(Image-backed grounding data)
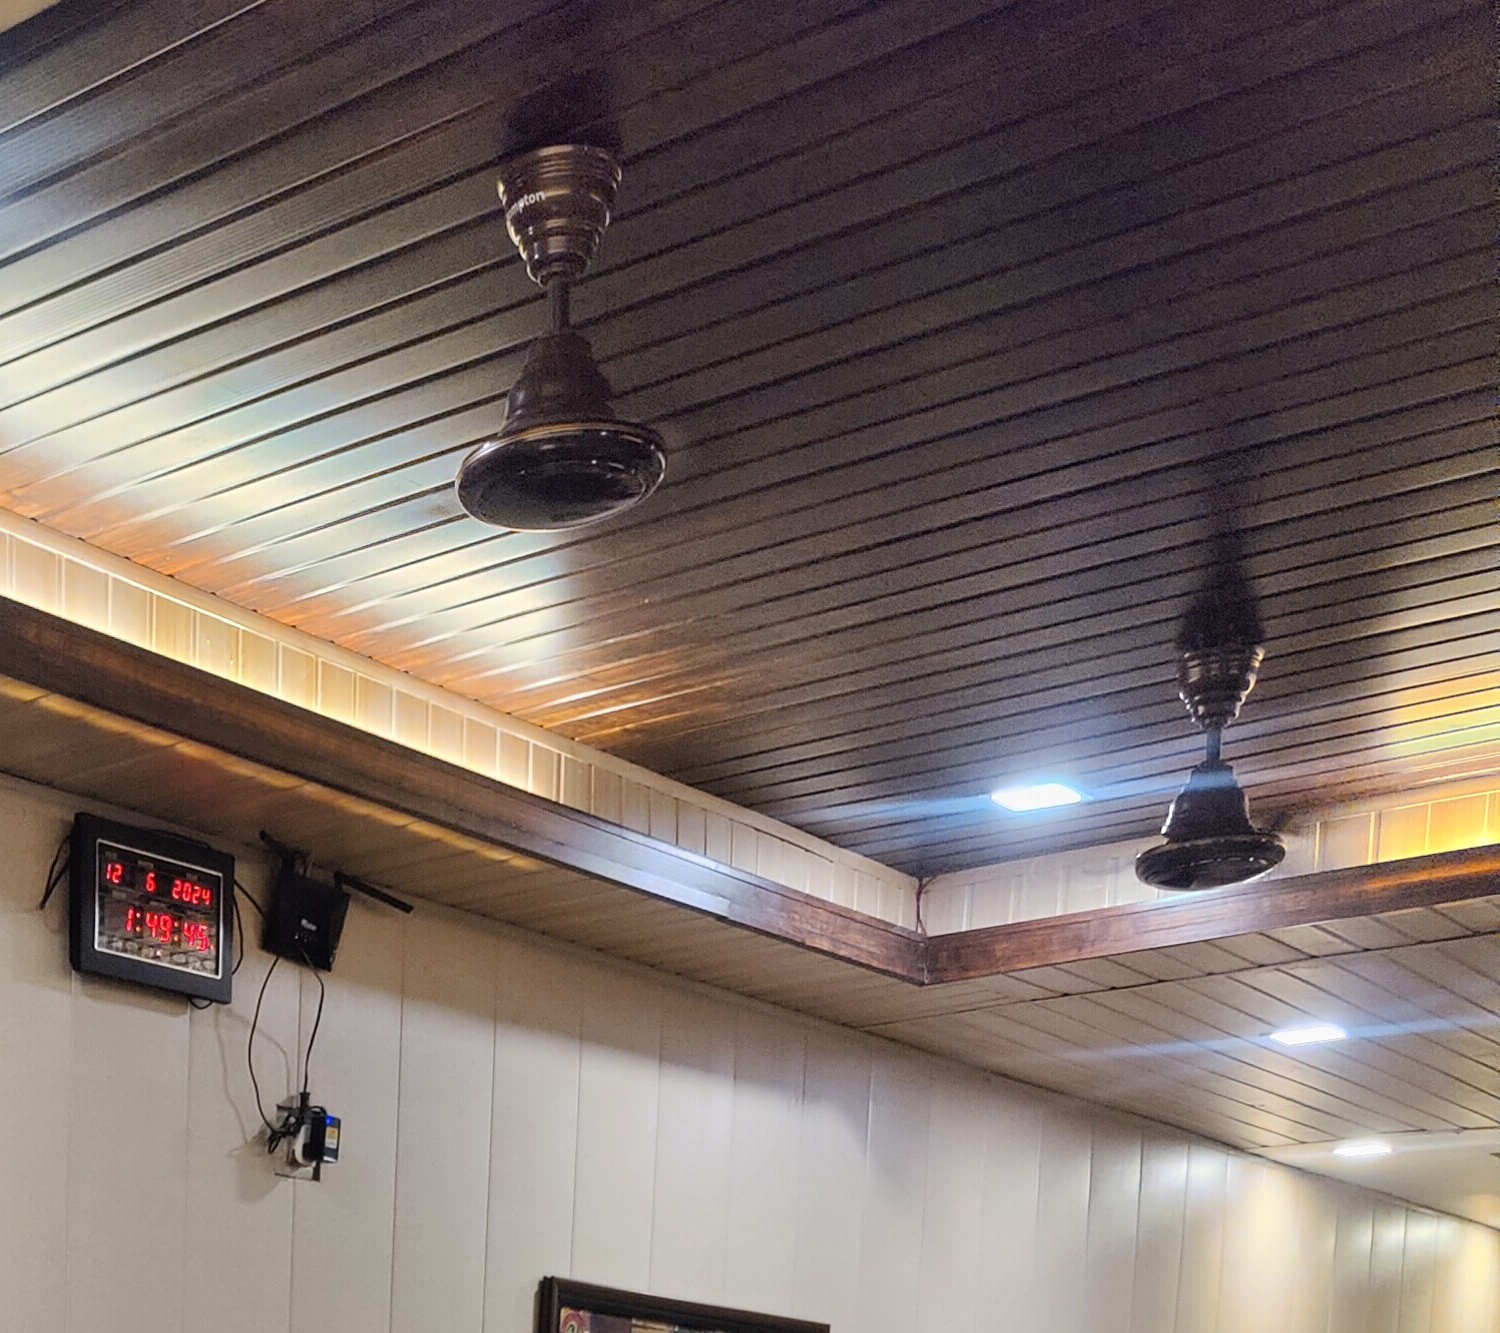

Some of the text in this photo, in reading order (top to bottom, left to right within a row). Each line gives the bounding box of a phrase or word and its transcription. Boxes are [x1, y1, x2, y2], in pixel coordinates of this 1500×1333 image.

[106, 863, 213, 905] 12 6 2024
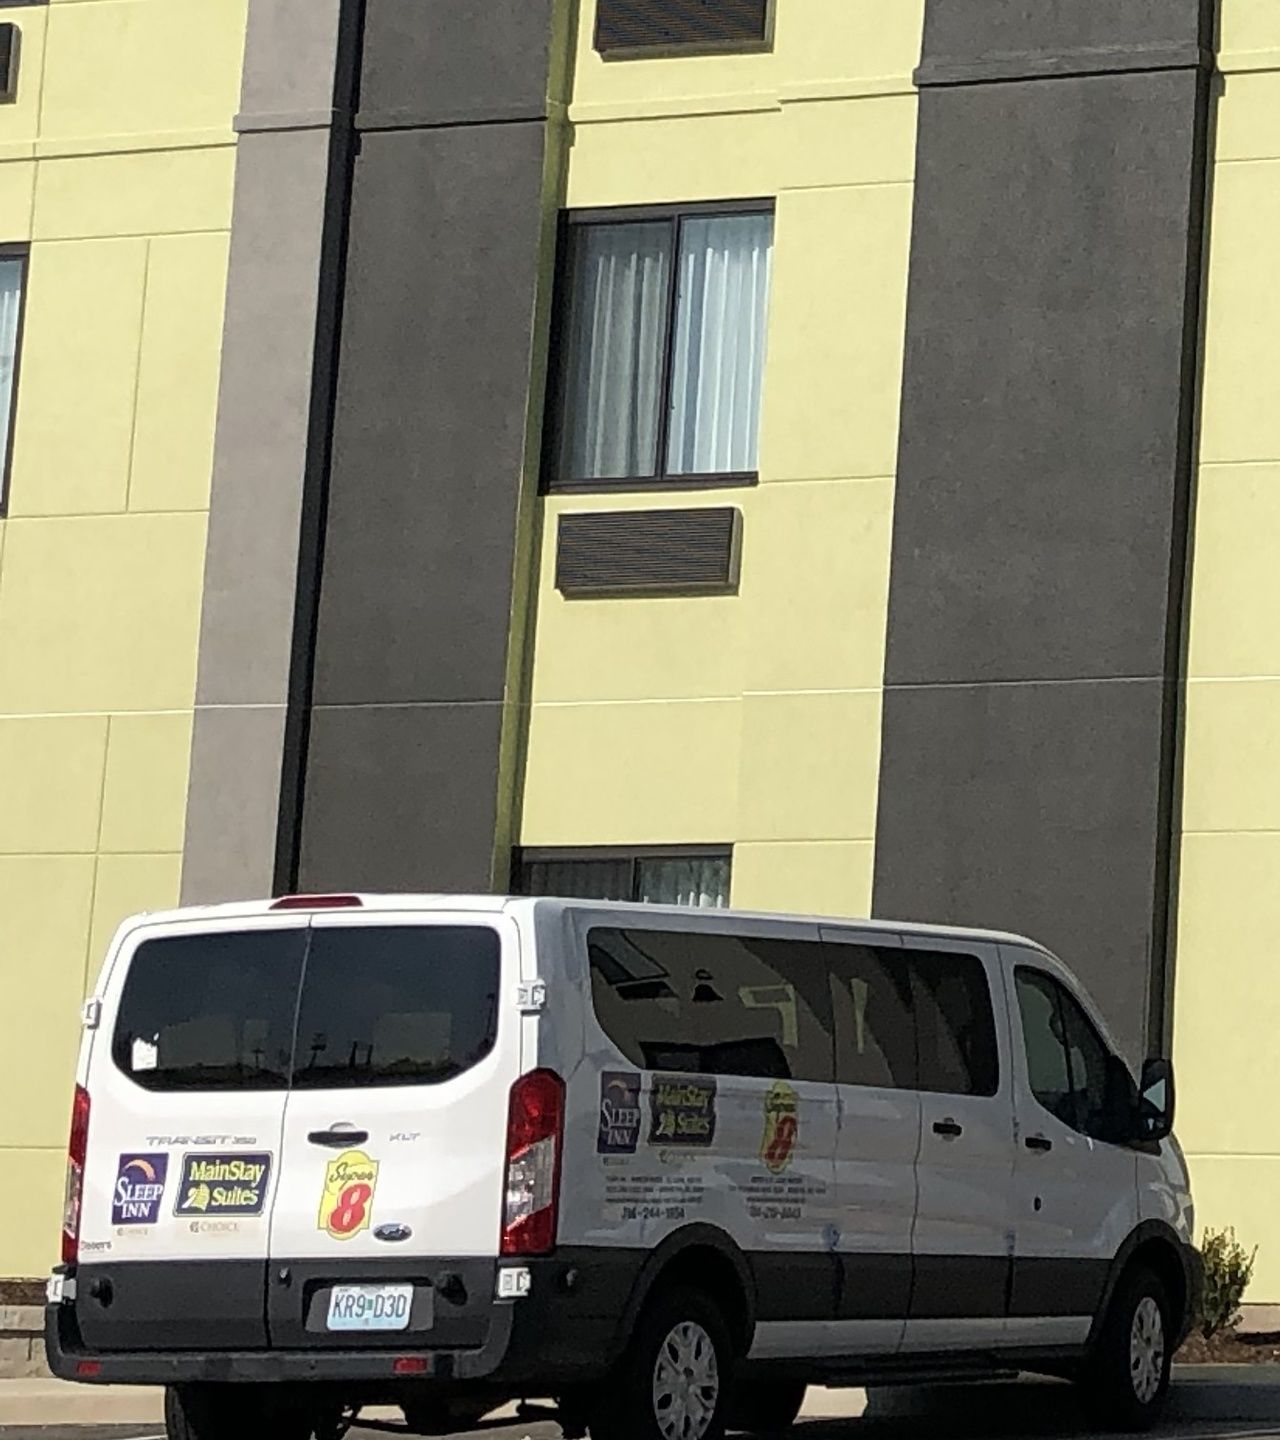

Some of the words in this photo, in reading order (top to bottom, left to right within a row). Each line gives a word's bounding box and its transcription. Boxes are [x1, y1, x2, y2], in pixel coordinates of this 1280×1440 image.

[145, 1135, 231, 1146] TRANSIT
[188, 1159, 266, 1188] MainStay
[113, 1176, 164, 1206] SLEEP
[211, 1184, 260, 1207] Suites
[121, 1203, 152, 1219] INN
[329, 1183, 372, 1234] 8

> [What to produce]
Transcribe exactly the lines from the one containing "Some of the words" through the end of the records, both included, and nothing else.

> [Solution to this exercise]
Some of the words in this photo, in reading order (top to bottom, left to right within a row). Each line gives a word's bounding box and its transcription. Boxes are [x1, y1, x2, y2], in pixel coordinates of this 1280×1440 image.

[145, 1135, 231, 1146] TRANSIT
[188, 1159, 266, 1188] MainStay
[113, 1176, 164, 1206] SLEEP
[211, 1184, 260, 1207] Suites
[121, 1203, 152, 1219] INN
[329, 1183, 372, 1234] 8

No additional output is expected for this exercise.